About this exercise. Leaving out the images, please reproduce each line below exactly.

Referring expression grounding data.
=== Begin Enclosure ===

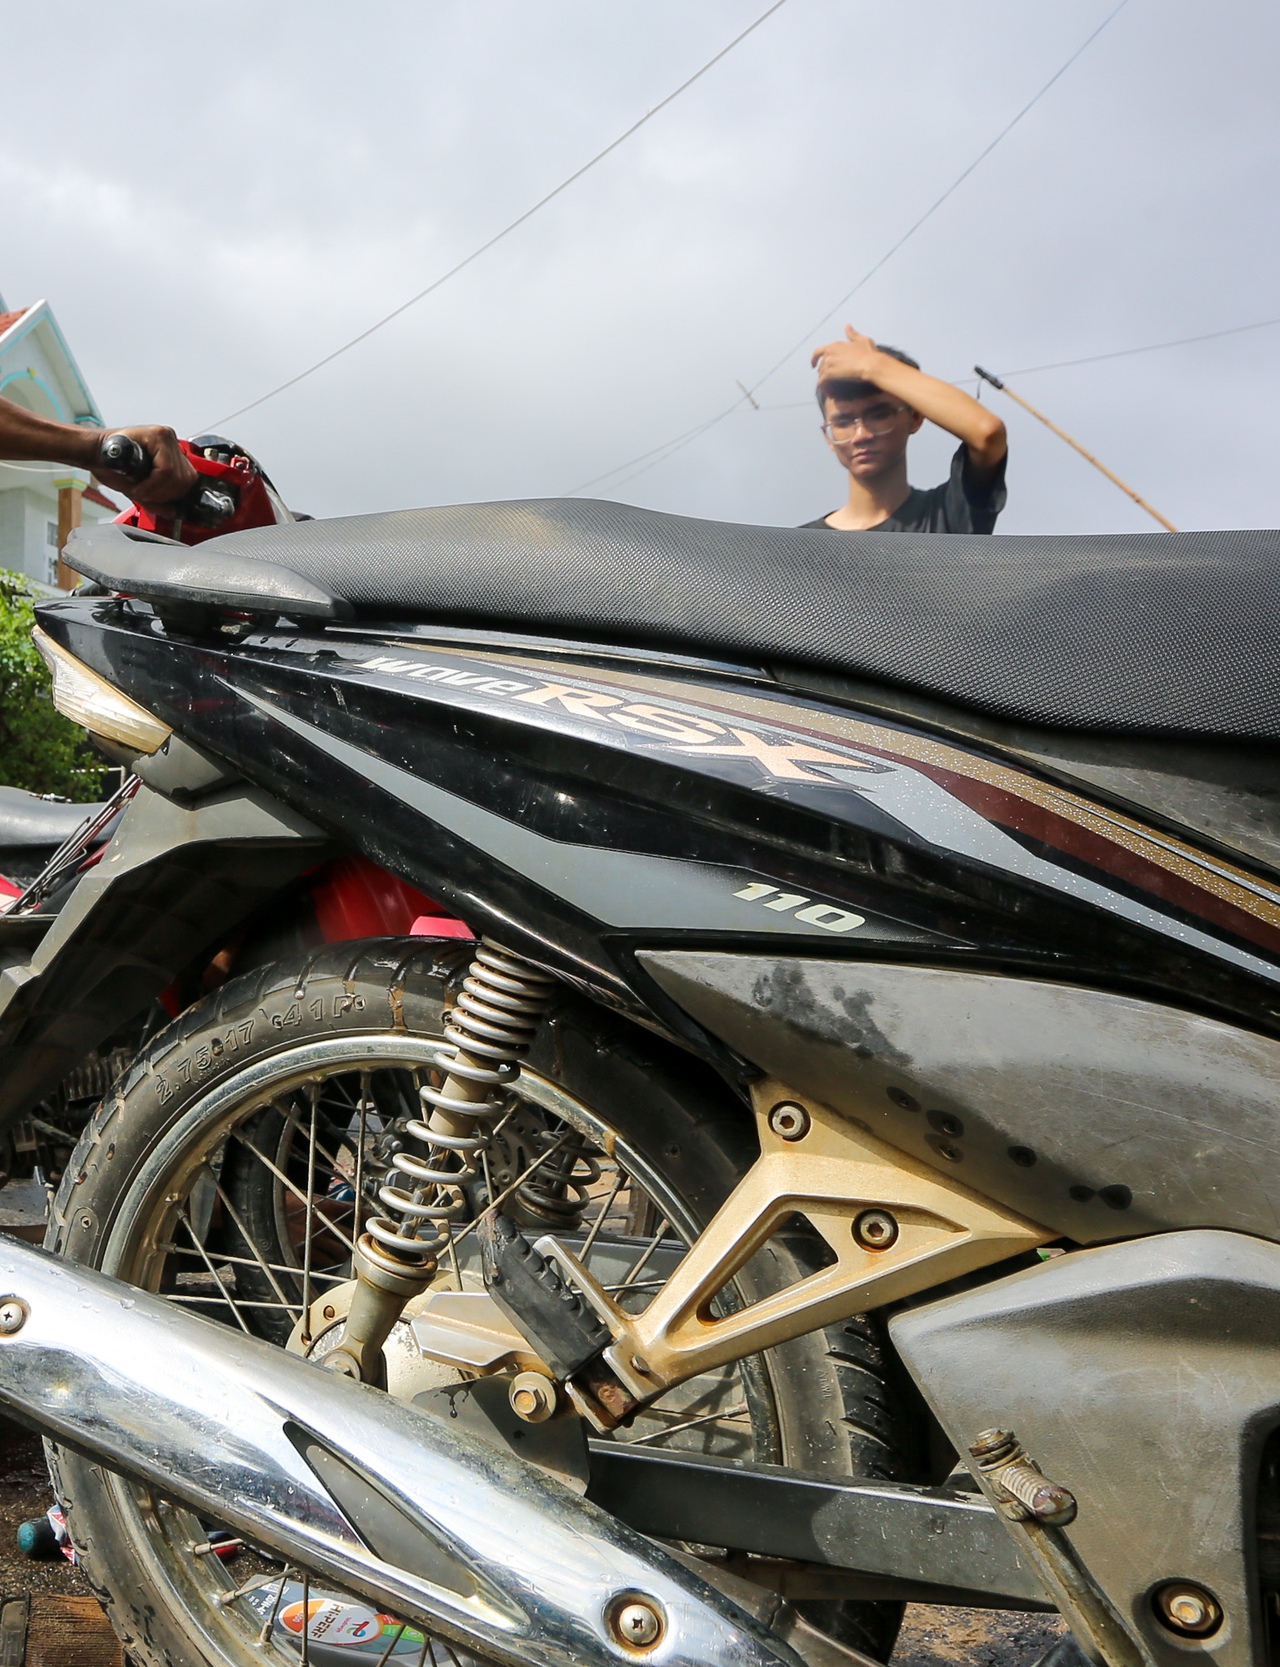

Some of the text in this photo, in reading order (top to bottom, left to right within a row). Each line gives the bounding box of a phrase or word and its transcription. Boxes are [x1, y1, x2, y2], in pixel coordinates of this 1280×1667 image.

[512, 682, 888, 787] RSX
[732, 882, 866, 932] 110
[155, 1019, 255, 1105] 2.7517
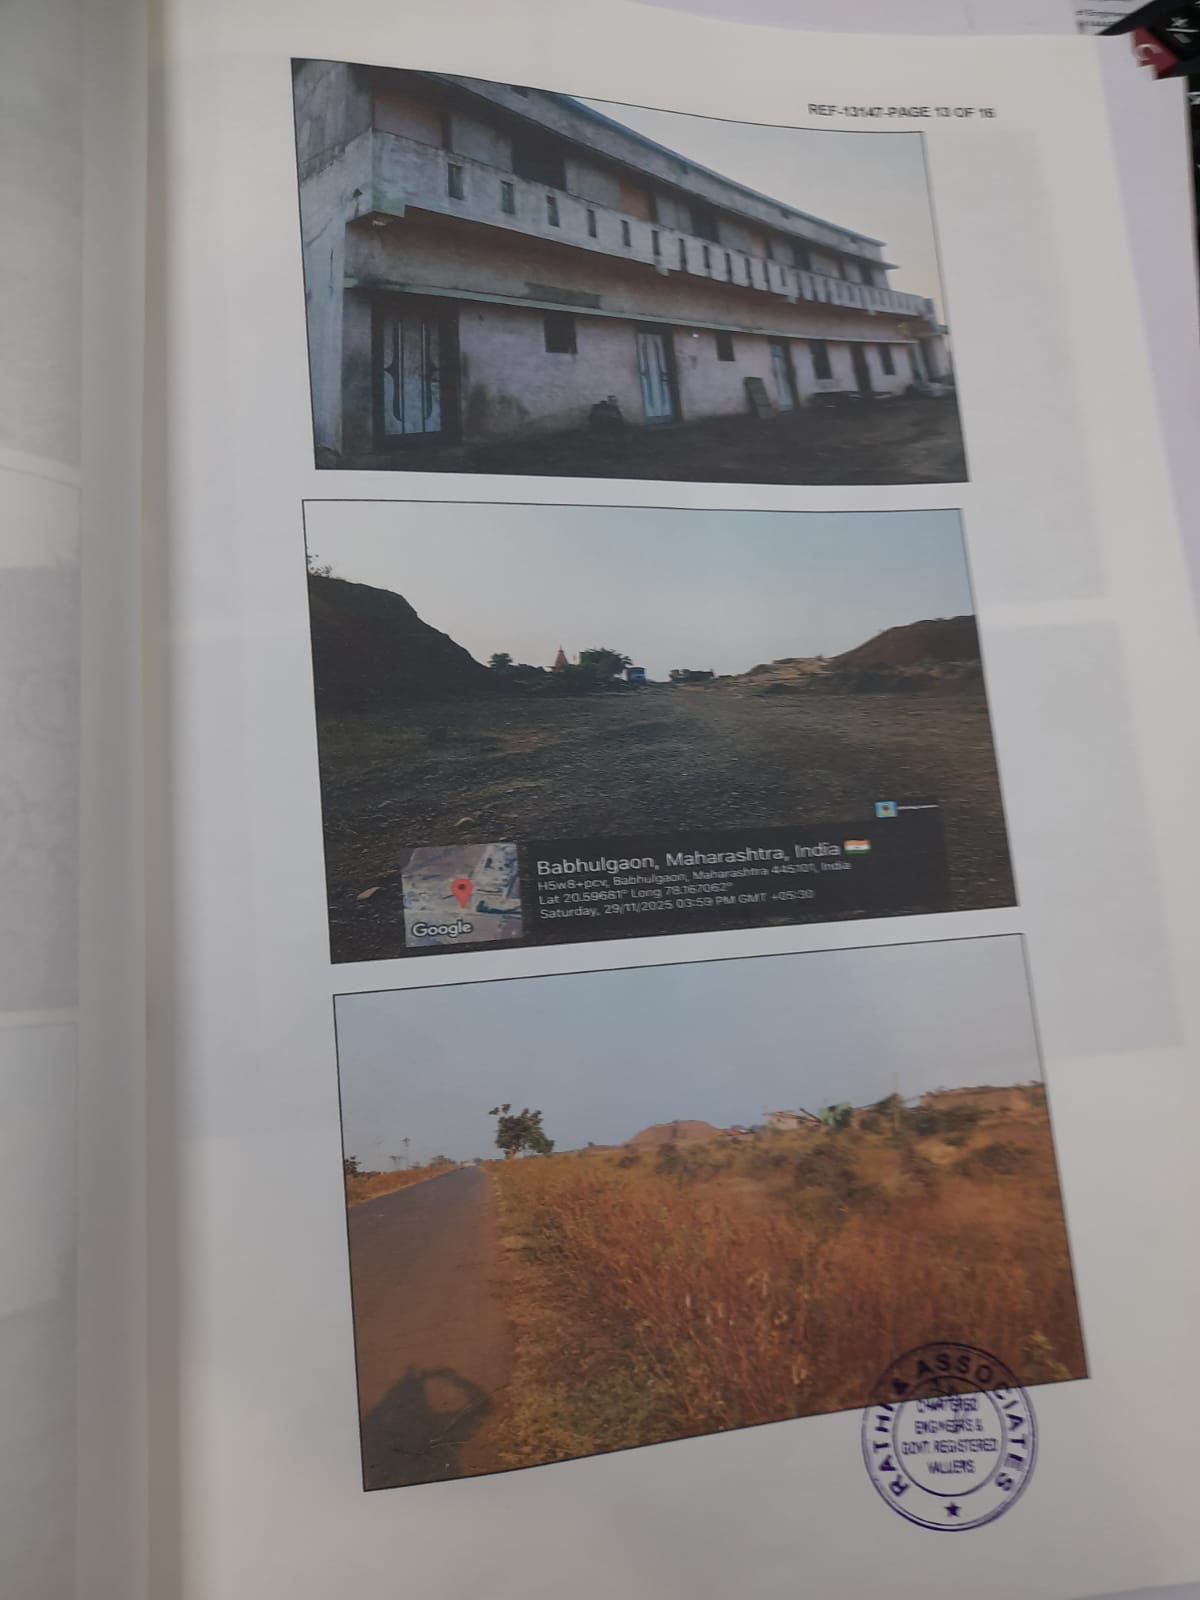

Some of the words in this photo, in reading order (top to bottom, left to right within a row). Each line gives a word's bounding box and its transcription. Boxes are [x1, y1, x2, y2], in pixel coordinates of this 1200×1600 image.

[935, 107, 951, 118] 13
[954, 107, 974, 118] OF
[978, 107, 996, 119] 16
[536, 856, 660, 876] Babhulgaon,
[665, 846, 791, 867] Maharashtra,
[794, 841, 841, 859] India
[612, 872, 690, 887] Babhulgaon,
[692, 865, 769, 880] Maharashtra
[538, 895, 560, 905] Lat
[630, 886, 663, 900] Long
[539, 905, 600, 919] Saturday,
[715, 894, 736, 905] PM
[738, 892, 767, 904] GMT
[412, 921, 473, 938] Google
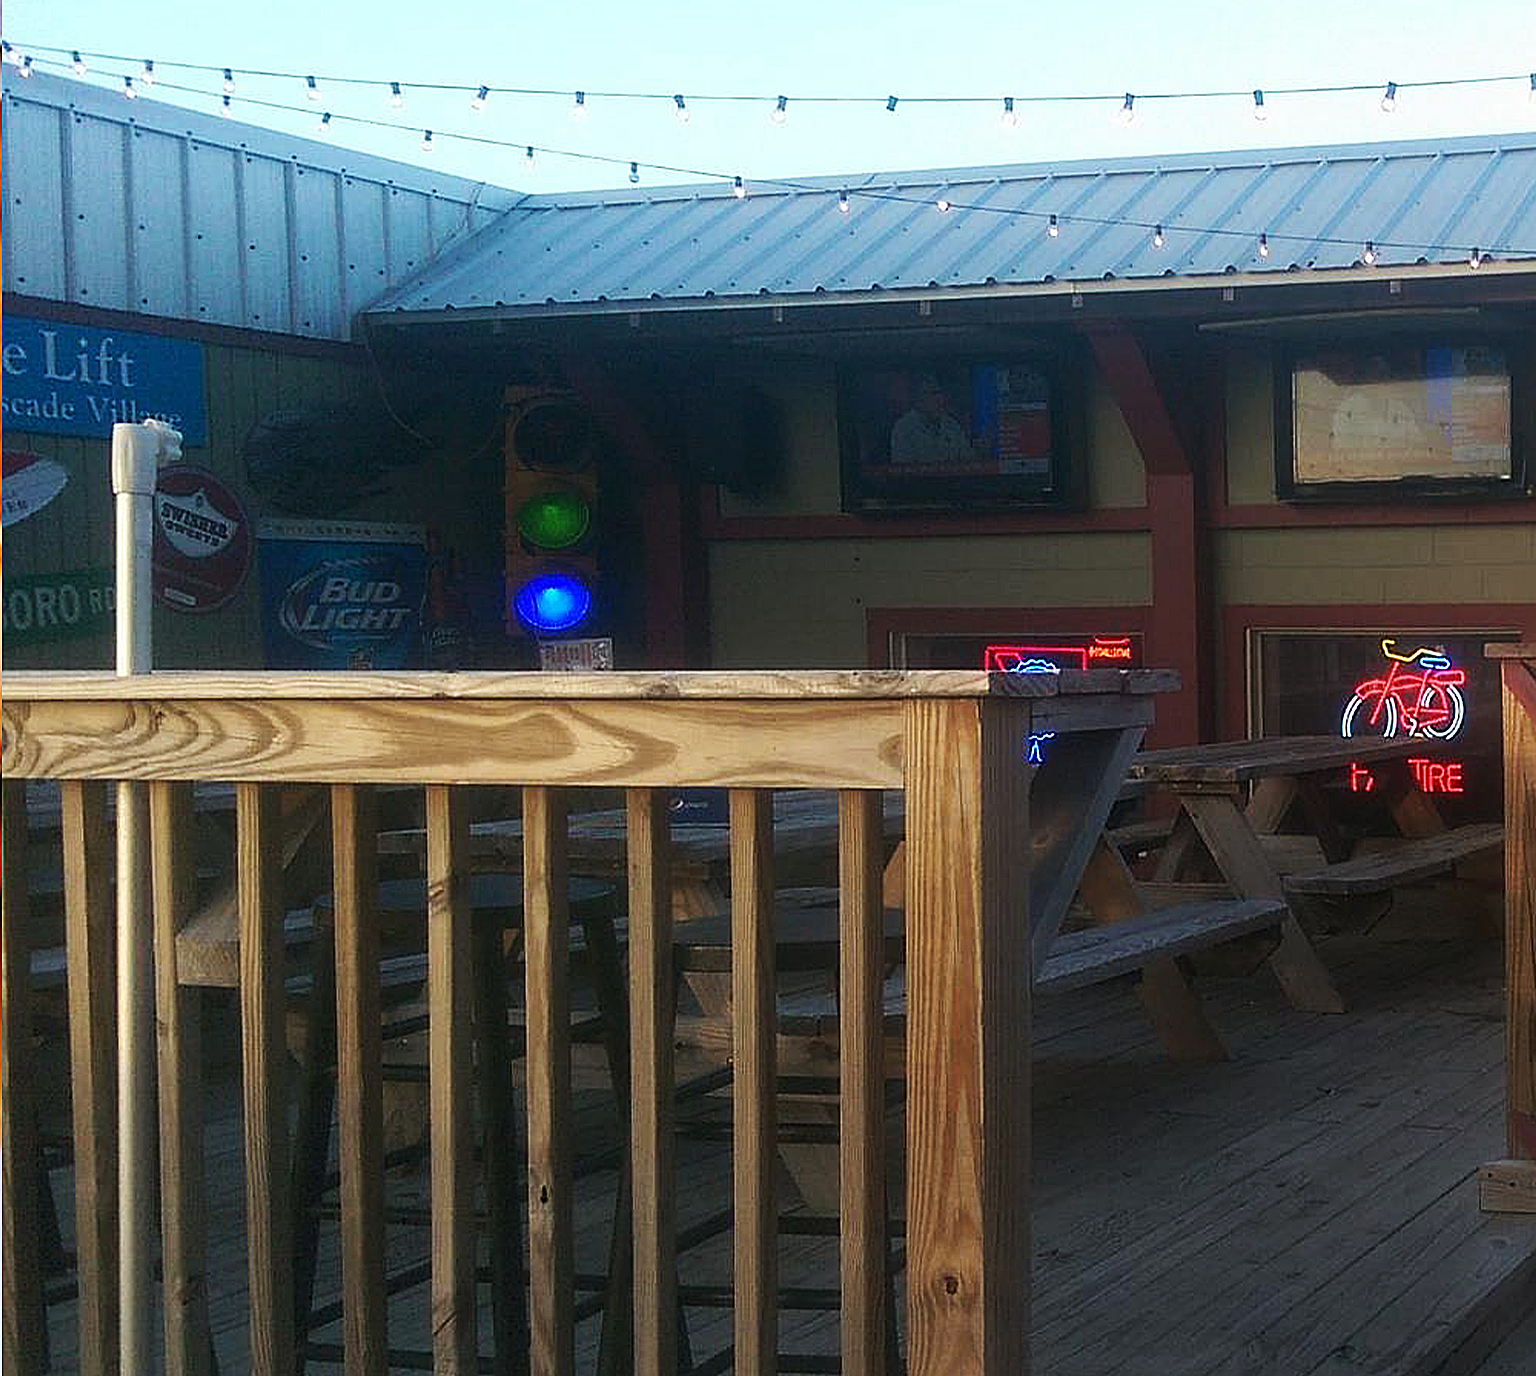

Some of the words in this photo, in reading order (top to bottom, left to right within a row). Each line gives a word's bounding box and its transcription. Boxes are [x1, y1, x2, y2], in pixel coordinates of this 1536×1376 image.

=== End Enclosure ===

Solution to the exercise.
Some of the text in this photo, in reading order (top to bottom, left to right within a row). Each line gives the bounding box of a phrase or word and its transcription. Boxes are [x1, y1, x2, y2], in pixel coordinates of this 1280×1667 image.

[512, 682, 888, 787] RSX
[732, 882, 866, 932] 110
[155, 1019, 255, 1105] 2.7517

Some of the words in this photo, in reading order (top to bottom, left to right within a row). Each line gives a word's bounding box and its transcription. Boxes are [x1, y1, x2, y2], in pixel coordinates of this 1200×1600 image.

[935, 107, 951, 118] 13
[954, 107, 974, 118] OF
[978, 107, 996, 119] 16
[536, 856, 660, 876] Babhulgaon,
[665, 846, 791, 867] Maharashtra,
[794, 841, 841, 859] India
[612, 872, 690, 887] Babhulgaon,
[692, 865, 769, 880] Maharashtra
[538, 895, 560, 905] Lat
[630, 886, 663, 900] Long
[539, 905, 600, 919] Saturday,
[715, 894, 736, 905] PM
[738, 892, 767, 904] GMT
[412, 921, 473, 938] Google

Some of the words in this photo, in reading order (top to bottom, left to right within a row). Each line gives a word's bounding box and its transcription. Boxes are [x1, y1, x2, y2], in pixel coordinates of this 1536×1376 image.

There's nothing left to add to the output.